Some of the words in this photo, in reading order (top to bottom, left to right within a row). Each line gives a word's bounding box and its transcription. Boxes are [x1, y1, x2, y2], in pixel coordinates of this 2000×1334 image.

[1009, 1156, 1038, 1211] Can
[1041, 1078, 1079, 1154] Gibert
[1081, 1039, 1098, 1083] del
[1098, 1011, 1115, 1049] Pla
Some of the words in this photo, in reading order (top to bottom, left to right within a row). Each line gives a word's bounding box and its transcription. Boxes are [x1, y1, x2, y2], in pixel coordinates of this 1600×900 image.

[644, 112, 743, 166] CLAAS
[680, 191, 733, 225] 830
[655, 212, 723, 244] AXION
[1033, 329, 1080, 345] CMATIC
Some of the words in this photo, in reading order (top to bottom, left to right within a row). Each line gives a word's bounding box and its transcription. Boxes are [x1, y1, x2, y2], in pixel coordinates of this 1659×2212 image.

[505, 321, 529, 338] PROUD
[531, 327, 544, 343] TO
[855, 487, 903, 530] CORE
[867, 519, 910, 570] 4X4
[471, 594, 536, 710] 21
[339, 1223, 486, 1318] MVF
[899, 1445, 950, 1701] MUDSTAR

TASK REQUIREMENTS
The answer must consist of all the entries, copied exactly.

RESULT OF THE TASK
Some of the words in this photo, in reading order (top to bottom, left to right within a row). Each line gives a word's bounding box and its transcription. Boxes are [x1, y1, x2, y2], in pixel coordinates of this 2000×1334 image.

[1009, 1156, 1038, 1211] Can
[1041, 1078, 1079, 1154] Gibert
[1081, 1039, 1098, 1083] del
[1098, 1011, 1115, 1049] Pla
Some of the words in this photo, in reading order (top to bottom, left to right within a row). Each line gives a word's bounding box and its transcription. Boxes are [x1, y1, x2, y2], in pixel coordinates of this 1600×900 image.

[644, 112, 743, 166] CLAAS
[680, 191, 733, 225] 830
[655, 212, 723, 244] AXION
[1033, 329, 1080, 345] CMATIC
Some of the words in this photo, in reading order (top to bottom, left to right within a row). Each line gives a word's bounding box and its transcription. Boxes are [x1, y1, x2, y2], in pixel coordinates of this 1659×2212 image.

[505, 321, 529, 338] PROUD
[531, 327, 544, 343] TO
[855, 487, 903, 530] CORE
[867, 519, 910, 570] 4X4
[471, 594, 536, 710] 21
[339, 1223, 486, 1318] MVF
[899, 1445, 950, 1701] MUDSTAR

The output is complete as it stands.